The final selected OU model object, with estimated shifts and parameters.

score_summary

A data frame summarizing the model selection results, including pre- and post-correction scores and shift locations.

Arguments

Y

A numeric vector of trait values for the species at the tips of the phylogenetic tree.

tree

A phylogenetic tree of class phylo.

alpha

A non-negative numeric value representing the selection strength in the OU process.

t

Step size for iterative optimization. Default is 0.01.

lambda1_list

A numeric vector of candidate \(\lambda_1\) values controlling shrinkage for shifts in optimal values.

lambda2_list

A numeric vector of candidate \(\lambda_2\) values controlling shrinkage for shifts in variance. Default is exp(1:10*0.4-6)

criterion

Model selection criterion to optimize. Options include "BIC", "mBIC", or "pBIC". Default is "BIC".

max.steps

Maximum number of optimization steps. Default is 300.

nfolds

Number of cross-validation folds for tuning lambda1. Default is 8.

top_k

Number of top candidate models (ranked by criterion) to further refine using backward correction. Default is 10.

measurement_error

Logical.

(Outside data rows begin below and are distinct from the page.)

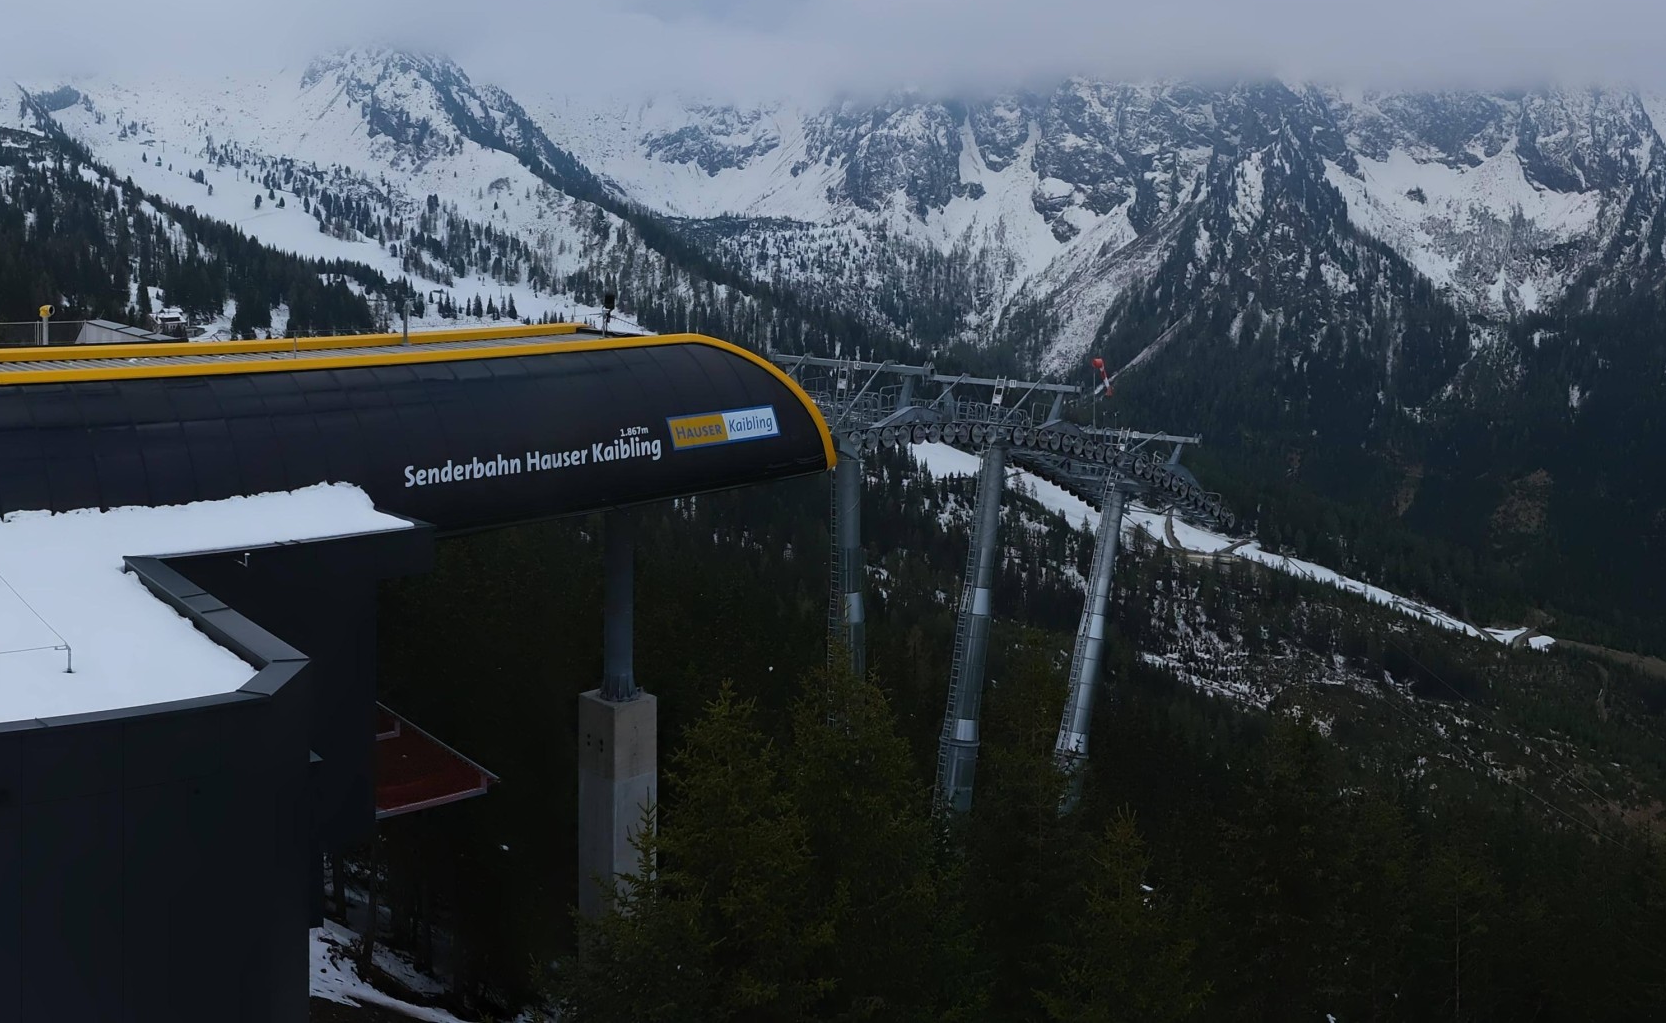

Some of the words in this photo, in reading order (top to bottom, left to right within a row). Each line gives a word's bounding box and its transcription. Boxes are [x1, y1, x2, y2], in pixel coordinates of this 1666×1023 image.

[619, 426, 650, 438] 1.867m
[674, 423, 724, 440] HAUSER
[728, 415, 774, 434] Kaibling
[404, 454, 522, 488] Senderbahn
[526, 447, 588, 472] Hauser
[592, 437, 662, 464] Kaibling

If TRUE, estimates a separate measurement error variance component. Default is FALSE.

lambda.type

A character string specifying the cross-validation rule used to select lambda1 from lambda1_list. Options are "lambda.min" (minimum CV error) and "lambda.1se" (1-SE rule, higher penalty). Default is "lambda.1se".

max.num.shifts

An integer specifying the maximum number of allowed shifts (combined across mean and variance). Default is Inf.

verbose

Logical. If TRUE, prints progress messages to the console. Default is TRUE.